Medyanın popülerleştirdiği isimlerden oluşan oyuncu kadrosu ve reklâmların yüzü suyu hürmetine gişede pek de fena sayılayan bir başarı yakalasa da korku filmi olmaktan çok komedi havası vardı filmde. Zaten filmin daha sonra piyasaya sürülen DVD’sinde “korku/komedi” üst başlığını alması da bunu gösteriyor…

Büyü (2004), umutla beklenen bir korku filmi olmasına karşın beklenen performansı sergileyemedi. Büyü’nün diğer korku filmlerimizden farkı hikâyesini bu toprağın kültürüne, inanışına göre kurmak oldu. Ancak dünya sinemalarında çokça kullanılan “uyuyan bir laneti” uyandırma teması pek tutmadı.

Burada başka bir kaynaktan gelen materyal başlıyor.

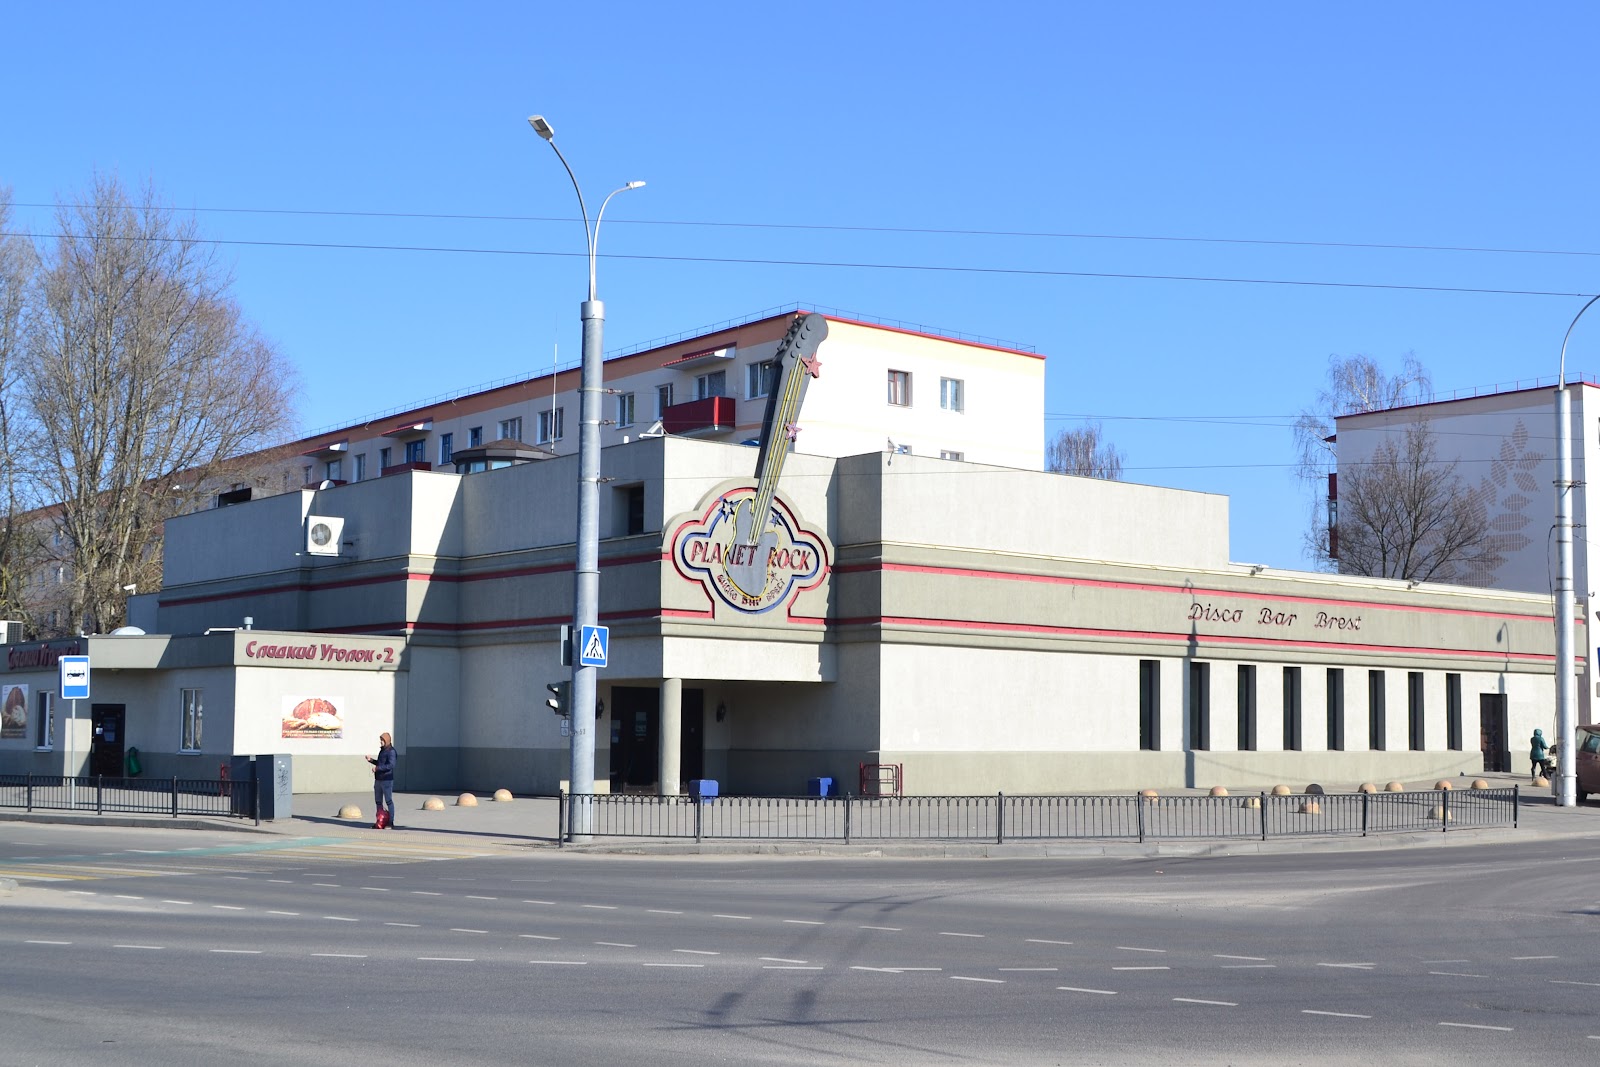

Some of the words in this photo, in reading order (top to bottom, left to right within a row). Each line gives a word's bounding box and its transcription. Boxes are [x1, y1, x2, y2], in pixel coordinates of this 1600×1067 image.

[690, 540, 758, 566] PLANET
[767, 546, 811, 571] ROCK
[1188, 602, 1243, 623] Disco
[1258, 607, 1297, 627] Bar
[1314, 611, 1362, 631] Brest
[246, 640, 318, 660] Сладкий
[320, 643, 375, 663] Уголок

Japonya’da sinema eğitimi alan ve korku filmlerinin çekiminde çeşitli görevlerde bulunan Hasan Karacadağ’ın Dabbe’si de beklendiği gibi klişeleri barındıran bir filmdi. Dünyayı saran intihar vakaları ile internet arasında kurulan bağlantının bir Japon korku filminden uyarlanmış olması, yani bir bakıma Japon kültürü içinde çokça yer eden lanet üzerine kurulu olması filmi Türkiye’de başarısız kılan etkenlerdendir.

David Carreras’ın 2004 yapımı Hipnoz filminden aşırma senaryosuyla eli yüzü düzgün bir korku/gerilim filmi olan Gen (2006), oyuncu seçimindeki yanlışlıklar yüzünden heba olmuş bir film…

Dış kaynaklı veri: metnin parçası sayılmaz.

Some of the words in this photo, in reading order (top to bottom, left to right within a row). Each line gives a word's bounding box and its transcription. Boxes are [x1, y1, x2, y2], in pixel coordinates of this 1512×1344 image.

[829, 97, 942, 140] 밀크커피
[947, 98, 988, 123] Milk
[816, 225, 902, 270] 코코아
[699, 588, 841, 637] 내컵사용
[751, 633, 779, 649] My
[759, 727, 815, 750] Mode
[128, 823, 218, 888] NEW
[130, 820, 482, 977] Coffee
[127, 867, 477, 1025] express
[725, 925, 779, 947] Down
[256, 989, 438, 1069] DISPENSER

Araf (2006), başarılı bir dans öğrencisinin evlilik dışı hamile kalması ve çocuğunu kürtajla aldırması sonucu girdiği bunalımı anlatıyor. Yine birçok klişeyi barındırması ve başrol oyuncusunun abartılı ve yapay oyunculuğu da filmi çekilmez kılmıştı.

Semum, Gomeda, Musallat, Münferit ve dalgayı başa saran Dabbe 2… Hiçbiri bir tür olarak korku sinemasının sınırları içine giremedi, girdiyse bile izleyici nezdinde beklenen ilgiyi görmedi. Tüm dünyada popüler bir tür olan korku sinemasının ülkemizde yeterli izleyici sayısına ulaşmaması, bu ‘tür sineması’nı ikame etmeye çalışanların anlamsız çabalarını da boşa çıkarıyor şüphesiz. Korku sinemasının ülkemizdeki son örneği Dabbe 2… Efekt ve bilgisayar teknolojisi olarak çıtayı yükselten Dabbe, öyküsündeki kopukluklarla olmamış bir film. Hasan Karacadağ’ın korku sineması adına bunca azmini takdir etsek de sonuç ortadadır.

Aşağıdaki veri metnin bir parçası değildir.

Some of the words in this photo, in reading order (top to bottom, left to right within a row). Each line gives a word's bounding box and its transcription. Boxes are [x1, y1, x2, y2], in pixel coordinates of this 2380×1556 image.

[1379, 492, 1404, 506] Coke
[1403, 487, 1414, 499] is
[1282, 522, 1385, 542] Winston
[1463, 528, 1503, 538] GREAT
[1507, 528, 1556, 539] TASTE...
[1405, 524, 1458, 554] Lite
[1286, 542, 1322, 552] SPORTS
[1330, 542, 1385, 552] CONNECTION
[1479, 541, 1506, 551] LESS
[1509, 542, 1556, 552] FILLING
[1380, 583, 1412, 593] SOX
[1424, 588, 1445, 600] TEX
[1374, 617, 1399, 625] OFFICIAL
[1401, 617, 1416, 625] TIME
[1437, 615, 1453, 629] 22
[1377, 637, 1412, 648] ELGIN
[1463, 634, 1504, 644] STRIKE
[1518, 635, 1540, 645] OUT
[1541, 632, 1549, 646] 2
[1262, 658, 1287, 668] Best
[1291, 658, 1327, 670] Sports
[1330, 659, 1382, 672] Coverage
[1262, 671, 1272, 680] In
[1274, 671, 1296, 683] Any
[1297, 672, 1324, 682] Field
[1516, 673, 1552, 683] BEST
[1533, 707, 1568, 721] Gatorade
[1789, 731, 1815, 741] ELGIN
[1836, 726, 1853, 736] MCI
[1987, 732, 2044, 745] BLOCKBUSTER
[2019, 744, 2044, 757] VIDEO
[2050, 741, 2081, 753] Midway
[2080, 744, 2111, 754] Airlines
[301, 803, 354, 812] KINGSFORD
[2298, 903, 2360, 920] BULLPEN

Tüm bu denemelerden olumlu sonuç alınamadığı gibi ilerde yapılacak denemelerden olumlu sonuç alınacağını söylemek çok zor… Türk sinemasının; kendine yabancı olmayan, kültürünü bilen, ayağı bu topraklarda ama pergel gibi yetmiş iki milleti de gezebilen yönetmenlere ihtiyacı vardır.